A year ago
Chiefs, traditional leaders, herbalists, and Muslim clerics have all contributed to the fight against COVID-19, according to Dr. James Duah, the Deputy Executive Director of the Christian Health Association of Ghana (CHAG).
Because they are well-known and respected, their statements to mosques, churches, and conventional treatment facilities were taken seriously. This is why we utilized these prominent individuals.
Dr. Duah said, "To start with, these authorities demonstrated this to their communities by first taking the COVID-19 vaccines themselves," in reference to research commissioned on COVID-19 vaccine hesitancy in the nation.
A survey was done to better understand the condition of vaccination hesitancy in 39 districts as part of the operations under CHAG's COVID-19 and Institutional Capacity Building (CRIB) project, financed by the Foreign, Commonwealth, and Development Office (FCDO).
By bolstering Ghana's health systems and ensuring the continued provision of vital healthcare services, the FCDO aimed to assist the government in responding to COVID-19.
The COVID-19 immunization and promotion programs were vigorously launched by the project.
Campaign: "We conducted a house-to-house campaign, investigating the causes of non-vaccination and providing them with the chance to vaccinate.
"This method made sure that a lot of people received clarification on whatever doubts they had that prevented them from receiving the vaccination."
"Our staff was also very aggressive in moving from community to community, including construction sites, schools, churches, etc., and were able to reach out to many people and get them vaccinated," Dr. Duah said.
Hesitancy
He spoke of convincing arguments that could have led individuals to voluntarily receive the vaccination.
They said that the healthcare system did not provide adequate information regarding the vaccination and the reasons why individuals should feel secure.
What worsened the situation, according to Dr. Duah, was when the manufacturers issued indemnities saying that they should not be held responsible for any accidents.
Those factors, he claimed, "further reinforced the social media view that vaccine development takes a long time, but in the case of COVID-19, it took less than one year to do so, thereby fueling suspicion, mistrust, and hesitancy," which added to the widespread mistrust for vaccinations.

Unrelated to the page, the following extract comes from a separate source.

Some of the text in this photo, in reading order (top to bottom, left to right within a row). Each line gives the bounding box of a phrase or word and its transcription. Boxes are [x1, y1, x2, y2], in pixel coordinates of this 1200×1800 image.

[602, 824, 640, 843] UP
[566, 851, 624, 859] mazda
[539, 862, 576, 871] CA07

He claimed that several people were concerned about their fertility and thought the vaccine would affect it negatively.
Some men believed it would render them ineffective.
When asked what CHAG did to influence people's opinions, Dr. Duah replied, "We adopted several strategies."
He said that using respected members of society, like religious leaders, was one of the tactics.
"As these men received the vaccinations, their supporters thought it was okay."
Again, our personnel received the shots in front of the populace, which inspired them to immunize themselves, he added, adding that house-to-house outreach was also beneficial.
He said that the CRIB project's lessons learned made it abundantly evident that the government could not respond to pandemics on its own; partnerships and numerous cooperative efforts were required.
Dr. Duah said that it was helpful to use religious and traditional authorities to overcome hesitation.
The poll also revealed that most people preferred TV as a way of informing themselves on crucial health issues, like COVID-19, as the Deputy Executive Director stated.
Regarding the findings of the report on the survey, Dr. Duah said that it had been successful in producing data that was recorded in the Surveillance Outbreak Response Management System (SORMAS) and the District Health Information Management System (DHIMS 2).